Definitely not all bland! I'm am just really going for a solid wood panel look. Not worried about book matching or anything, just need something that is more stable and looks good.
Definitely not all bland! I'm am just really going for a solid wood panel look. Not worried about book matching or anything, just need something that is more stable and looks good.
Dave K...what pump did you use for you vacuum and where did you source the tank?
Thanks,
Dave
With your requirements you should be very happy with shop sawn veneer. Your panels will be a lot nicer to work with than commercial plywood. Just be sure to start with well dried stock at EMC with your shop. I have the least problems by face jointing one face, planing the other face parallel, jointing one edge square, and then ripping the other edge parallel before sawing any veneer. Then I take a slice off one face, plane that face smooth again, take a slice off the opposite face, and repeat. That keeps the board balanced if there is any moisture difference between the faces and center.
John
I bought a new old stock Thomas 2750 wobble piston pump on CL or Ebay ( forgot which ) for $220 and the tank was from Amazon but mainly 5 gal with two ports. I think about $80. Other stuff came from joewoodworker. My pump is 240v which is likely why it was a better deal. The 2750 has the most capacity of the Thomas pumps, in the 6-7 cfm range. Dave
Just an opinion: A vacuum pump with 2 to 3 CFM should be big enough for most applications. The advantage of a high CFM pump is to get the bag pulled down quickly, but this is only an advantage in certain situations - where you have an odd shaped piece in the bag and there's lots of empty space. For most flat panels, a 2 CFM pump gets the panel in press pretty quickly. And once the bag is pulled down, you don't need much CFM - just enough to make up for the leaks. With a good condition commercial bag, that's really small.

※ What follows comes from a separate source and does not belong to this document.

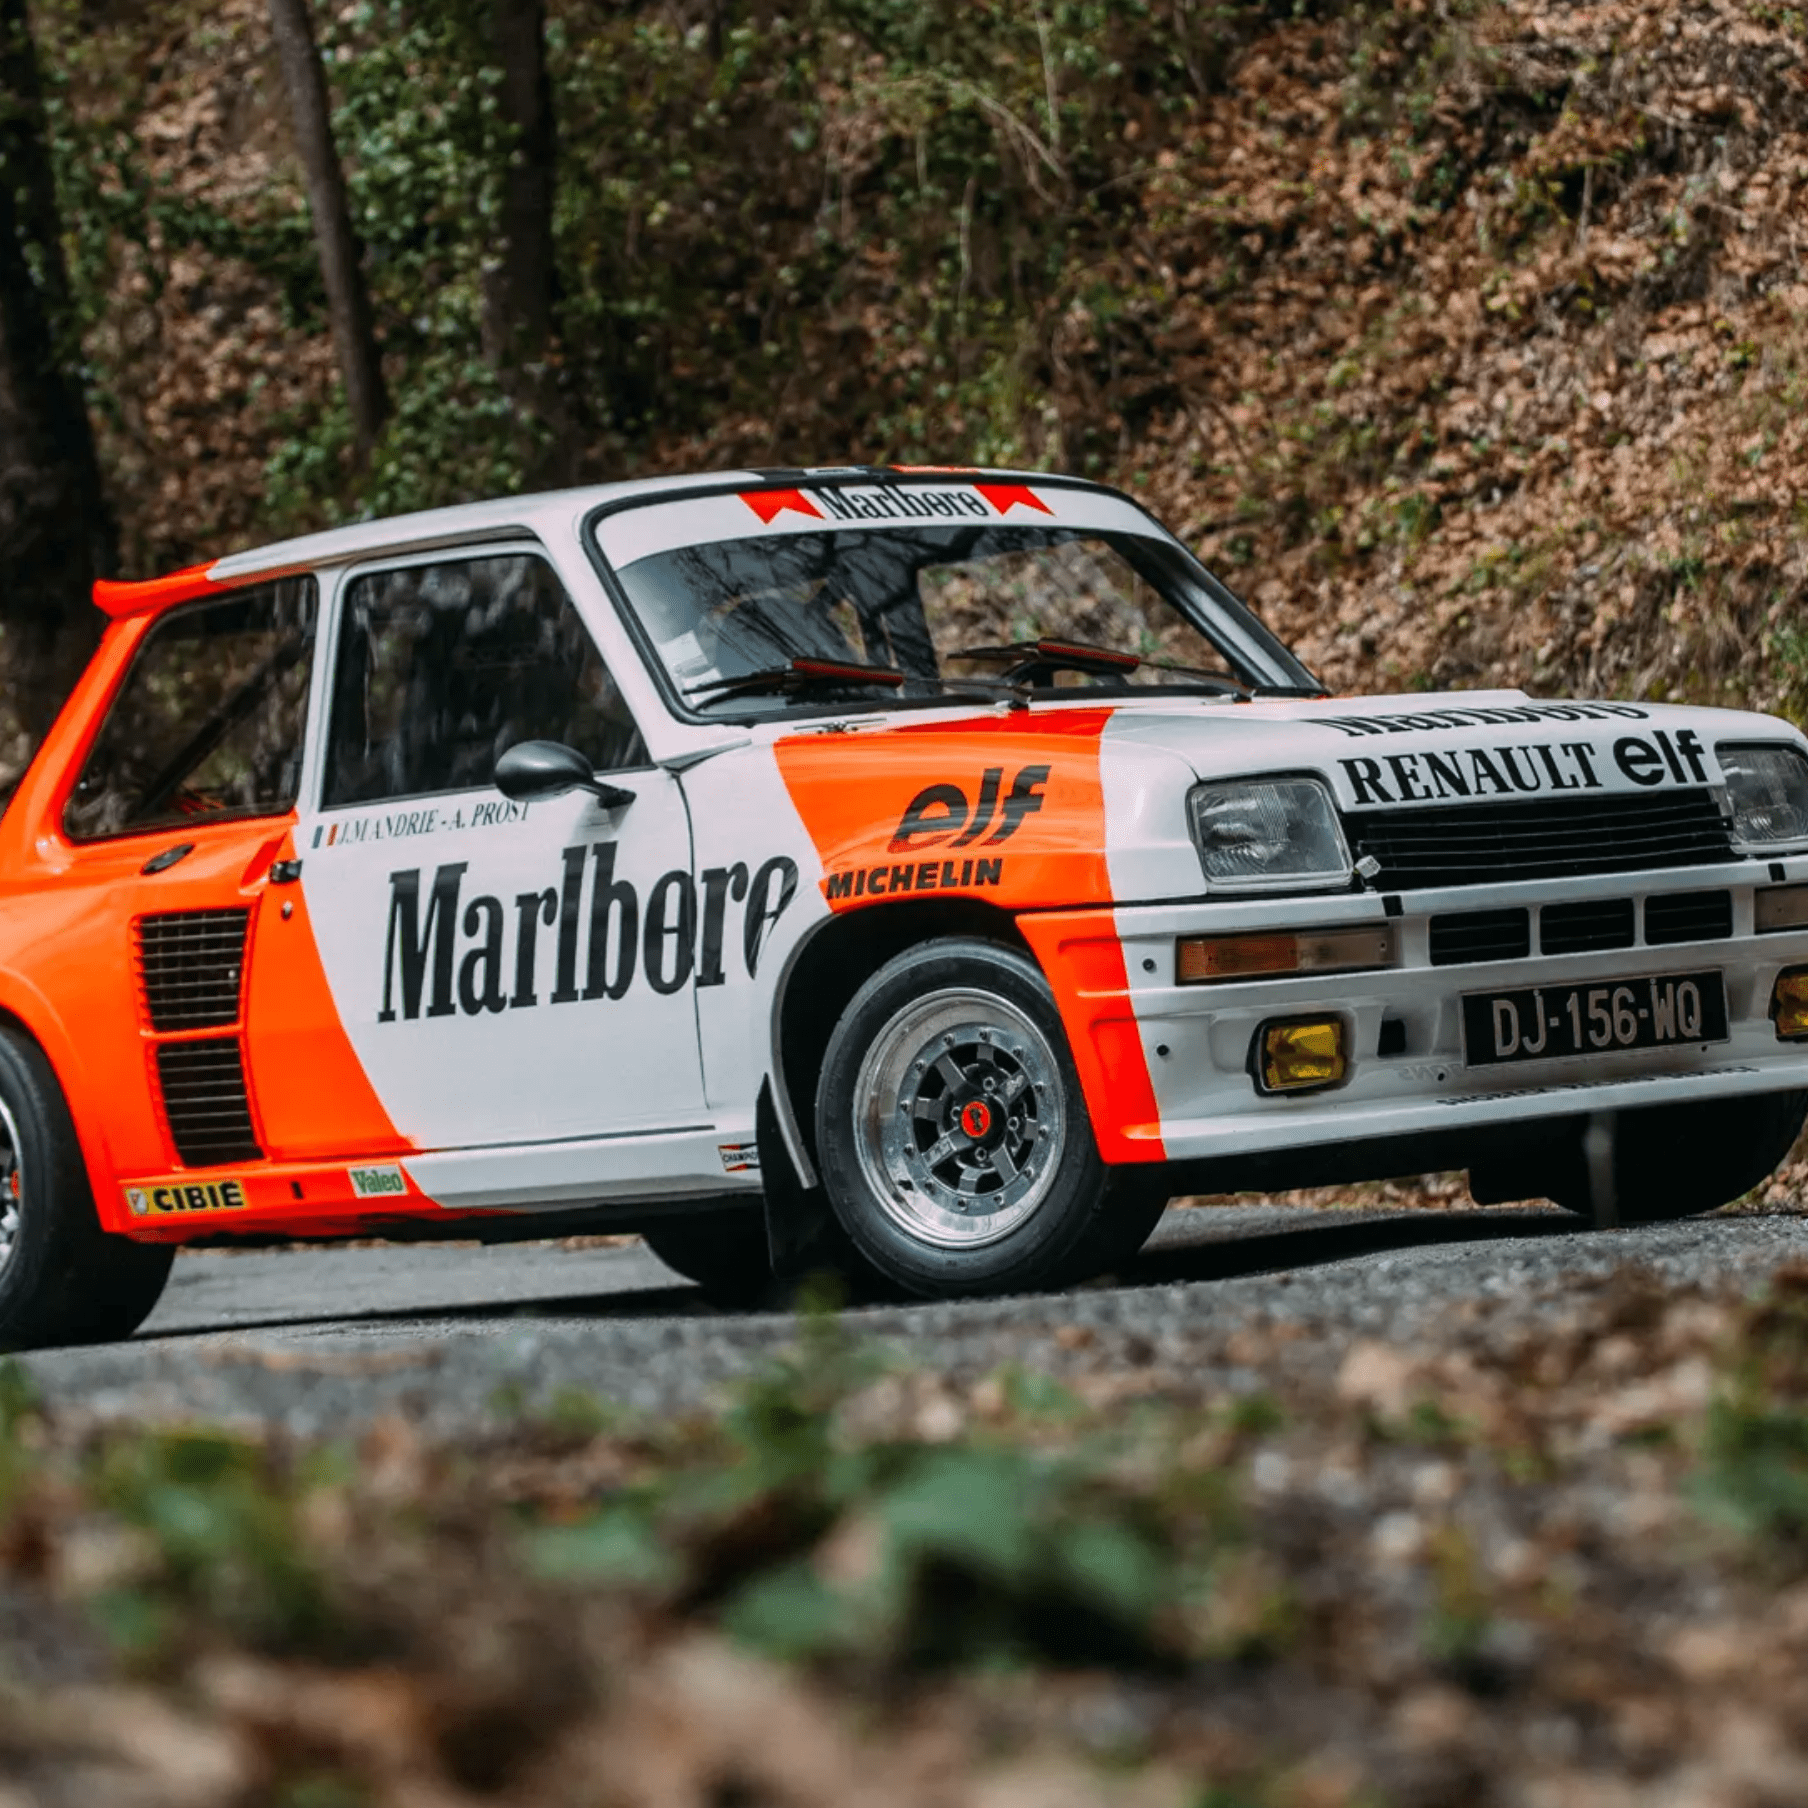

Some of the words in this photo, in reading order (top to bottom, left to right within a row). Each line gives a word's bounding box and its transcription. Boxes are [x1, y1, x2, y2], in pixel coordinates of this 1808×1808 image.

It's been a long time since I bought mine, but Joe Woodworker used to have rebuilt vacuum pumps in the 2 or so CFM range for under $200, and 115V. The one I have has held up fine for a good many years now.
Mike
[Also, you can make a vacuum reservoir from a couple of pieces of big Schedule 40 PVC. Joe W has plans on his site for how to do it. Of course, if you have access to a cheap tank of some kind which will safely withstand the vacuum, you can use that.]

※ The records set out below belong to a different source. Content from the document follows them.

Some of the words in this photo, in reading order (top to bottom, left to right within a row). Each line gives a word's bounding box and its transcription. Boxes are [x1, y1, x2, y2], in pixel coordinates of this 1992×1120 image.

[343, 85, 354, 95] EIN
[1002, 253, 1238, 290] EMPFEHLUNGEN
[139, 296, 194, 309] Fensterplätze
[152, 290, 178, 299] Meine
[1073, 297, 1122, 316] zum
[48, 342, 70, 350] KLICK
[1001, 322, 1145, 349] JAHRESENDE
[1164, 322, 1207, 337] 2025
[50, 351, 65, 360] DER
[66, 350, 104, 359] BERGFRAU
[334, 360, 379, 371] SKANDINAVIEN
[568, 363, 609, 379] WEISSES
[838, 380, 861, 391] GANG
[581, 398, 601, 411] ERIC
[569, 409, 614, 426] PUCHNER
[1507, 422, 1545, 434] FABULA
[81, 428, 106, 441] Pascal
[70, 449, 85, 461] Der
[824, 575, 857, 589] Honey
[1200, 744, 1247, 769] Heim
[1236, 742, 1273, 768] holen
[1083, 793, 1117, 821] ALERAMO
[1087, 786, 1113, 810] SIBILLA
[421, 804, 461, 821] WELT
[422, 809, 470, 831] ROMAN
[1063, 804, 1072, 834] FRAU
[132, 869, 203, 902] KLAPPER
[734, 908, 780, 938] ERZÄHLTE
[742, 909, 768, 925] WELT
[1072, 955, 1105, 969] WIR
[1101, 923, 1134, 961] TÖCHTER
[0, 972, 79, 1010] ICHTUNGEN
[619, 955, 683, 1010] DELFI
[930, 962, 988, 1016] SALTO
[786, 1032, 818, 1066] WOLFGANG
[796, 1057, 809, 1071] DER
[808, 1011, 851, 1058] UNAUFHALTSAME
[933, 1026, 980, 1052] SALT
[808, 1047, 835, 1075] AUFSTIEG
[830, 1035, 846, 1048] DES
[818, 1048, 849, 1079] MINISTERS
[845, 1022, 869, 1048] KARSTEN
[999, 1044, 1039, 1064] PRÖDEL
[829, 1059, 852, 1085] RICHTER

Last edited by Mike Henderson; 08-02-2016 at 3:18 PM.
Go into the world and do well. But more importantly, go into the world and do good.
I have re-read the OP's initial post a few times. I think the logic is reversed? In furniture making, guys use a stable substrate to support the veneer such as a table top or decorative door panels where any movement can destroy the veneer. But, I don't get where veneer would be used to "stabilize" furniture?
I think he meant that the veneered laminated panel would be more stable than a panel made of solid, not that the veneer alone would make the substrate stable. I think he's planning to start with a stable core, either multi-ply or mdf.
Frank is correct I'm gluing my shop-sawn veneer to a substrate, most likely multi-ply for its strength. Thanks for the input everyone ill be sure to let you know how it goes once I get my vacuum pump up and running.
Also what are some good bandsaw blades to resaw veneer with?
That's a subject of its own, and you will find numerous threads here on the subject. I have had fairly good results on my old Crescent 36" with a 1" wide Lenox Classic 2/3 pitch bimetal blade. For a smoother cut and far greater longevity at a much higher price a carbide tipped blade like the Lenox Woodmaster CT, Lenox Trimaster or Laguna Resaw King is an option. Spectrum Supply has good pricing on the Lenox line.
I think I'm going to go with the lenox woodmaster CT, i did search around on the forums. Just didn't hear much about using the Woodmaster CT for use in cutting veneer. That being said I figure I should go with the quality blade first. I don't mind spending extra on something I know will save me money in the long run. Thanks for the input kevin.
How big is the kerf on those carbide bandsaw blades?
Mike
Go into the world and do well. But more importantly, go into the world and do good.
The woodmaster CT is 0.051", a little bigger than I want but I hear all the smaller kerf blades just dull very fast. Although i still might try one out.
About 1/16". Exact figures for the Lenox blades at spectrumsupply.com
I seem to be the contrarian on the Woodmaster CT. I did NOT like it at all so it hangs on my wall for the past 10 years gathering dust. I got much better cuts with the Trimaster or the Diemaster2 bimetal (6 tpi, hook style) blade from Lenox.
Trimaster is 1/16" (0.625) and I think the Diemaster2 is around 0.35". I really like the bimetal blade...cheap and it has cut extremely well for me on my MM20 band saw.